Give back an exact copy of the entries beneath, minus the pictures.

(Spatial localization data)
◇ ◇ ◇ ◇ ◇

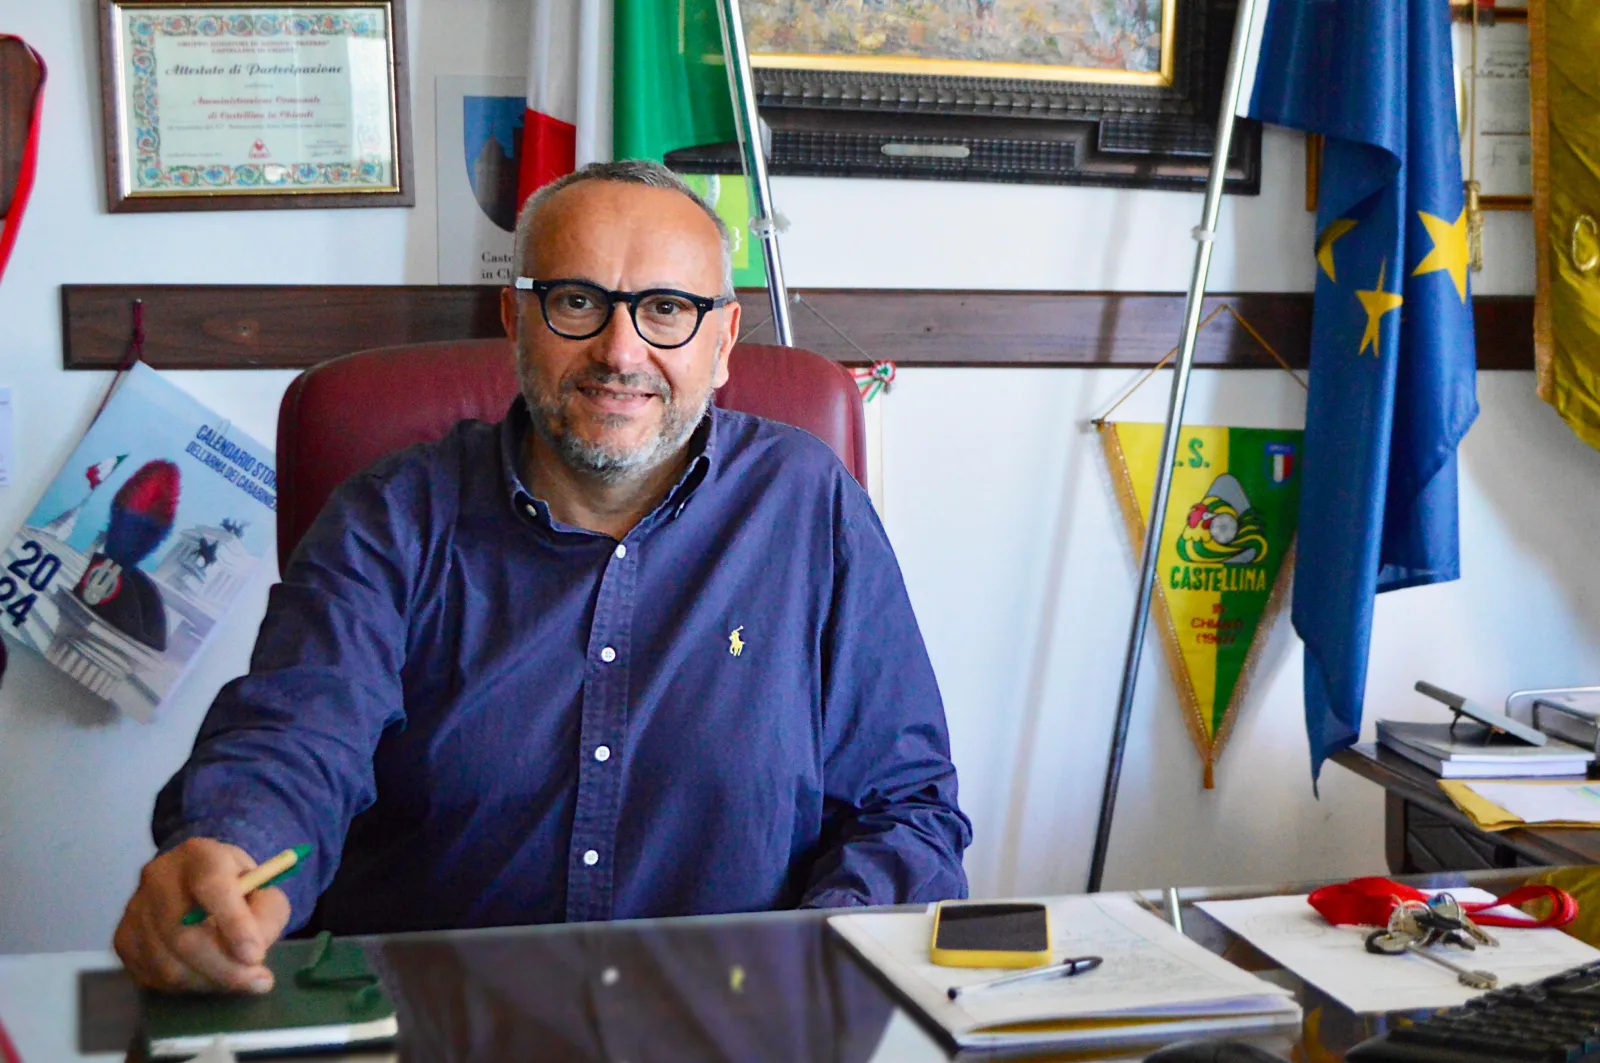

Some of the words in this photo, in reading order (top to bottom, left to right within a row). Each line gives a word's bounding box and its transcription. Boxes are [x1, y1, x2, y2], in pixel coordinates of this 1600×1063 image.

[165, 63, 225, 76] Attestato
[229, 63, 242, 76] di
[246, 63, 343, 77] Partecipazione
[481, 251, 513, 264] Caste
[481, 268, 494, 280] in
[196, 424, 256, 472] CALENDARIO
[251, 462, 277, 492] STOR
[185, 441, 227, 474] DELL'ARMA
[223, 466, 240, 484] DEI
[236, 475, 277, 513] CARABINIE
[7, 540, 62, 591] 20
[1169, 565, 1267, 592] CASTELLINA
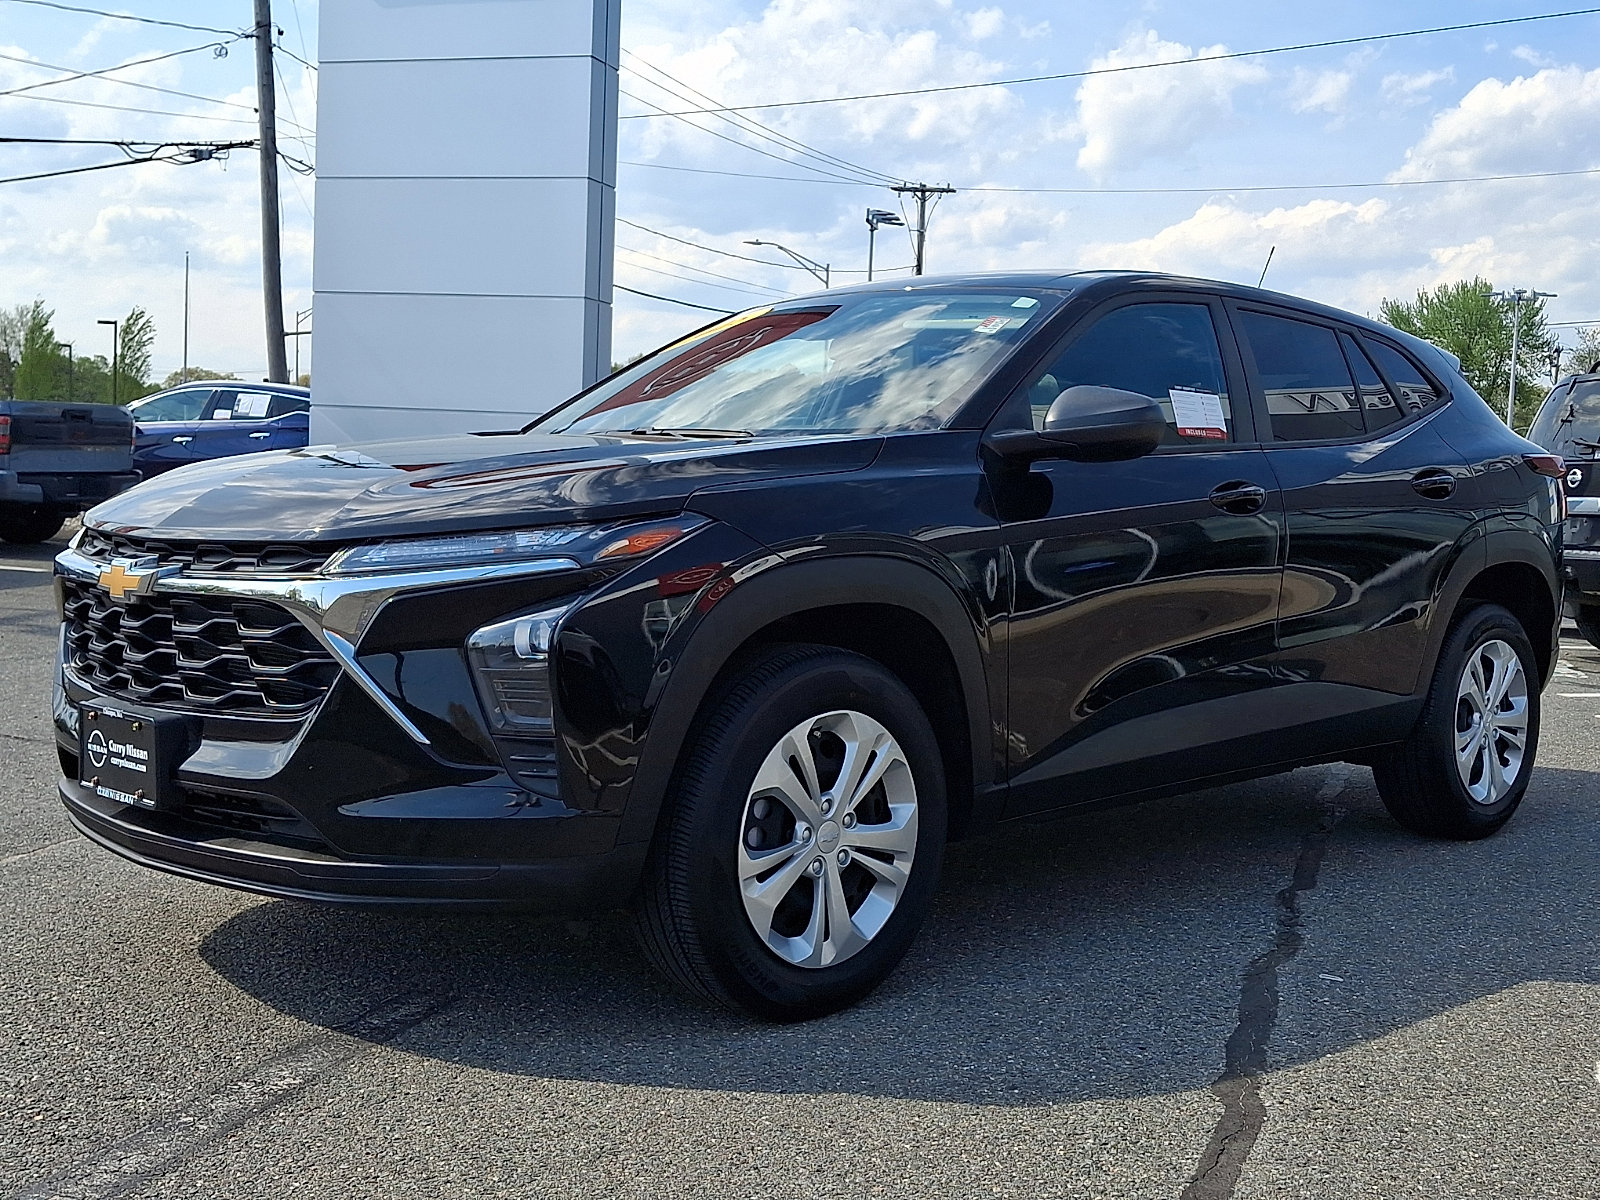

◇ ◇ ◇ ◇ ◇

Exercise solution:
Some of the words in this photo, in reading order (top to bottom, left to right within a row). Each line gives a word's bounding box and its transcription. Boxes are [x1, y1, x2, y2], in pixel coordinates of this 1600×1063 image.

[165, 63, 225, 76] Attestato
[229, 63, 242, 76] di
[246, 63, 343, 77] Partecipazione
[481, 251, 513, 264] Caste
[481, 268, 494, 280] in
[196, 424, 256, 472] CALENDARIO
[251, 462, 277, 492] STOR
[185, 441, 227, 474] DELL'ARMA
[223, 466, 240, 484] DEI
[236, 475, 277, 513] CARABINIE
[7, 540, 62, 591] 20
[1169, 565, 1267, 592] CASTELLINA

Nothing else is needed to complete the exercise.